Data records

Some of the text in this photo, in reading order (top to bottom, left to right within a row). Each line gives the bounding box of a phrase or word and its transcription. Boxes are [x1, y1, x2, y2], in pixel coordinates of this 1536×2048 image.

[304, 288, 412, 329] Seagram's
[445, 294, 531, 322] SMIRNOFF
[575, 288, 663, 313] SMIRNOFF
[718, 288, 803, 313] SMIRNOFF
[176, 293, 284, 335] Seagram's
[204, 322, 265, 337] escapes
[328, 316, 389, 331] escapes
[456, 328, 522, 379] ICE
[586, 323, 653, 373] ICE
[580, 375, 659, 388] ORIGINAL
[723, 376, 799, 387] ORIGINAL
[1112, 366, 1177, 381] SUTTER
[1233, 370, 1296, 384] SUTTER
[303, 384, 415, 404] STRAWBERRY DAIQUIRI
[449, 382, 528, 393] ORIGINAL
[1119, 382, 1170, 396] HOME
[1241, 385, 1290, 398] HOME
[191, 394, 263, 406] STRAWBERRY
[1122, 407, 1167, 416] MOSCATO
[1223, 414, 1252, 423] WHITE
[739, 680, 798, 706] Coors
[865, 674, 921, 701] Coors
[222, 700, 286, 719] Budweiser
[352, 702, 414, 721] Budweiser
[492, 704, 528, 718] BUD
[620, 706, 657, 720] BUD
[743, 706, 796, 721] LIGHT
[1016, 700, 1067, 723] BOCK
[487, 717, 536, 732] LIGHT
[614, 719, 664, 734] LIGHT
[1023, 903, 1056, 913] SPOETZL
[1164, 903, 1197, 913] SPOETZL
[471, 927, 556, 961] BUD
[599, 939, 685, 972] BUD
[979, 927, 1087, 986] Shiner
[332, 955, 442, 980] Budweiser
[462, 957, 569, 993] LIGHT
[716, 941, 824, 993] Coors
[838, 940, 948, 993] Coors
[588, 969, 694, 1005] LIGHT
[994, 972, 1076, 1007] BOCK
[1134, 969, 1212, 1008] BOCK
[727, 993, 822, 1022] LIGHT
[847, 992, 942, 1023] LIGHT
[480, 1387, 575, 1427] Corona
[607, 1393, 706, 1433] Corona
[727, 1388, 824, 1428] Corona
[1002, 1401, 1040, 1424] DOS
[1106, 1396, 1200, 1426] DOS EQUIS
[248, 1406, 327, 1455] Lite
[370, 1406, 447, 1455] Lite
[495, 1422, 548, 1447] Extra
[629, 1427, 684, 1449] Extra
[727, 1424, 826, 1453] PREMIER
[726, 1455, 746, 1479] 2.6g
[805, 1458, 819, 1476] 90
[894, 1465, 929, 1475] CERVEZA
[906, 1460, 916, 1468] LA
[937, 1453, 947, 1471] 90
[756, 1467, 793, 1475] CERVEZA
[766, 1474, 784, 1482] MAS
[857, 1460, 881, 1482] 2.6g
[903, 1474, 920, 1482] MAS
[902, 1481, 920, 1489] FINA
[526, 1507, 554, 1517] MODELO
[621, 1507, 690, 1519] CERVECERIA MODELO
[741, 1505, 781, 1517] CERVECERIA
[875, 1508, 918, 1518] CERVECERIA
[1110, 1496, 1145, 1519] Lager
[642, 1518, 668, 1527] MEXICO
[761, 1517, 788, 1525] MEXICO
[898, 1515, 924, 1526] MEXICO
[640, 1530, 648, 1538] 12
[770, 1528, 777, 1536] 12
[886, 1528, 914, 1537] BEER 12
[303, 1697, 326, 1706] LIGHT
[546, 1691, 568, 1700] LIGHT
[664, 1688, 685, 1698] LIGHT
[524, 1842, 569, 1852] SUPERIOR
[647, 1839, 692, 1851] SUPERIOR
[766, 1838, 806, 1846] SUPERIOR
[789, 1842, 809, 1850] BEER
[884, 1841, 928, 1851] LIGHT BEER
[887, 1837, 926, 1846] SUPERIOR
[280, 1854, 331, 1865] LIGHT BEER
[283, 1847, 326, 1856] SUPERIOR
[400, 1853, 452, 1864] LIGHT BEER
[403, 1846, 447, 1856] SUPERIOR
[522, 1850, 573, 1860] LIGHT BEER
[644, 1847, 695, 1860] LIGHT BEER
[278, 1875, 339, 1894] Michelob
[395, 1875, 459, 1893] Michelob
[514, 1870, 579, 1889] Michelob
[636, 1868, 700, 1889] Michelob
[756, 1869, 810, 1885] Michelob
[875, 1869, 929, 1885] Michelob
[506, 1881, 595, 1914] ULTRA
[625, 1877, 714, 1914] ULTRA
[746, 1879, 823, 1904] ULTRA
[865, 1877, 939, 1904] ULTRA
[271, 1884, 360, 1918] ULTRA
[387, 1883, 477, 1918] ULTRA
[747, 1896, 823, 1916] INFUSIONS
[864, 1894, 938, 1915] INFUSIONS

- TASK TO COMPLETE:
Exactly and without omission, set down every entry.

- YOUR RESPONSE:
Some of the text in this photo, in reading order (top to bottom, left to right within a row). Each line gives the bounding box of a phrase or word and its transcription. Boxes are [x1, y1, x2, y2], in pixel coordinates of this 1536×2048 image.

[304, 288, 412, 329] Seagram's
[445, 294, 531, 322] SMIRNOFF
[575, 288, 663, 313] SMIRNOFF
[718, 288, 803, 313] SMIRNOFF
[176, 293, 284, 335] Seagram's
[204, 322, 265, 337] escapes
[328, 316, 389, 331] escapes
[456, 328, 522, 379] ICE
[586, 323, 653, 373] ICE
[580, 375, 659, 388] ORIGINAL
[723, 376, 799, 387] ORIGINAL
[1112, 366, 1177, 381] SUTTER
[1233, 370, 1296, 384] SUTTER
[303, 384, 415, 404] STRAWBERRY DAIQUIRI
[449, 382, 528, 393] ORIGINAL
[1119, 382, 1170, 396] HOME
[1241, 385, 1290, 398] HOME
[191, 394, 263, 406] STRAWBERRY
[1122, 407, 1167, 416] MOSCATO
[1223, 414, 1252, 423] WHITE
[739, 680, 798, 706] Coors
[865, 674, 921, 701] Coors
[222, 700, 286, 719] Budweiser
[352, 702, 414, 721] Budweiser
[492, 704, 528, 718] BUD
[620, 706, 657, 720] BUD
[743, 706, 796, 721] LIGHT
[1016, 700, 1067, 723] BOCK
[487, 717, 536, 732] LIGHT
[614, 719, 664, 734] LIGHT
[1023, 903, 1056, 913] SPOETZL
[1164, 903, 1197, 913] SPOETZL
[471, 927, 556, 961] BUD
[599, 939, 685, 972] BUD
[979, 927, 1087, 986] Shiner
[332, 955, 442, 980] Budweiser
[462, 957, 569, 993] LIGHT
[716, 941, 824, 993] Coors
[838, 940, 948, 993] Coors
[588, 969, 694, 1005] LIGHT
[994, 972, 1076, 1007] BOCK
[1134, 969, 1212, 1008] BOCK
[727, 993, 822, 1022] LIGHT
[847, 992, 942, 1023] LIGHT
[480, 1387, 575, 1427] Corona
[607, 1393, 706, 1433] Corona
[727, 1388, 824, 1428] Corona
[1002, 1401, 1040, 1424] DOS
[1106, 1396, 1200, 1426] DOS EQUIS
[248, 1406, 327, 1455] Lite
[370, 1406, 447, 1455] Lite
[495, 1422, 548, 1447] Extra
[629, 1427, 684, 1449] Extra
[727, 1424, 826, 1453] PREMIER
[726, 1455, 746, 1479] 2.6g
[805, 1458, 819, 1476] 90
[894, 1465, 929, 1475] CERVEZA
[906, 1460, 916, 1468] LA
[937, 1453, 947, 1471] 90
[756, 1467, 793, 1475] CERVEZA
[766, 1474, 784, 1482] MAS
[857, 1460, 881, 1482] 2.6g
[903, 1474, 920, 1482] MAS
[902, 1481, 920, 1489] FINA
[526, 1507, 554, 1517] MODELO
[621, 1507, 690, 1519] CERVECERIA MODELO
[741, 1505, 781, 1517] CERVECERIA
[875, 1508, 918, 1518] CERVECERIA
[1110, 1496, 1145, 1519] Lager
[642, 1518, 668, 1527] MEXICO
[761, 1517, 788, 1525] MEXICO
[898, 1515, 924, 1526] MEXICO
[640, 1530, 648, 1538] 12
[770, 1528, 777, 1536] 12
[886, 1528, 914, 1537] BEER 12
[303, 1697, 326, 1706] LIGHT
[546, 1691, 568, 1700] LIGHT
[664, 1688, 685, 1698] LIGHT
[524, 1842, 569, 1852] SUPERIOR
[647, 1839, 692, 1851] SUPERIOR
[766, 1838, 806, 1846] SUPERIOR
[789, 1842, 809, 1850] BEER
[884, 1841, 928, 1851] LIGHT BEER
[887, 1837, 926, 1846] SUPERIOR
[280, 1854, 331, 1865] LIGHT BEER
[283, 1847, 326, 1856] SUPERIOR
[400, 1853, 452, 1864] LIGHT BEER
[403, 1846, 447, 1856] SUPERIOR
[522, 1850, 573, 1860] LIGHT BEER
[644, 1847, 695, 1860] LIGHT BEER
[278, 1875, 339, 1894] Michelob
[395, 1875, 459, 1893] Michelob
[514, 1870, 579, 1889] Michelob
[636, 1868, 700, 1889] Michelob
[756, 1869, 810, 1885] Michelob
[875, 1869, 929, 1885] Michelob
[506, 1881, 595, 1914] ULTRA
[625, 1877, 714, 1914] ULTRA
[746, 1879, 823, 1904] ULTRA
[865, 1877, 939, 1904] ULTRA
[271, 1884, 360, 1918] ULTRA
[387, 1883, 477, 1918] ULTRA
[747, 1896, 823, 1916] INFUSIONS
[864, 1894, 938, 1915] INFUSIONS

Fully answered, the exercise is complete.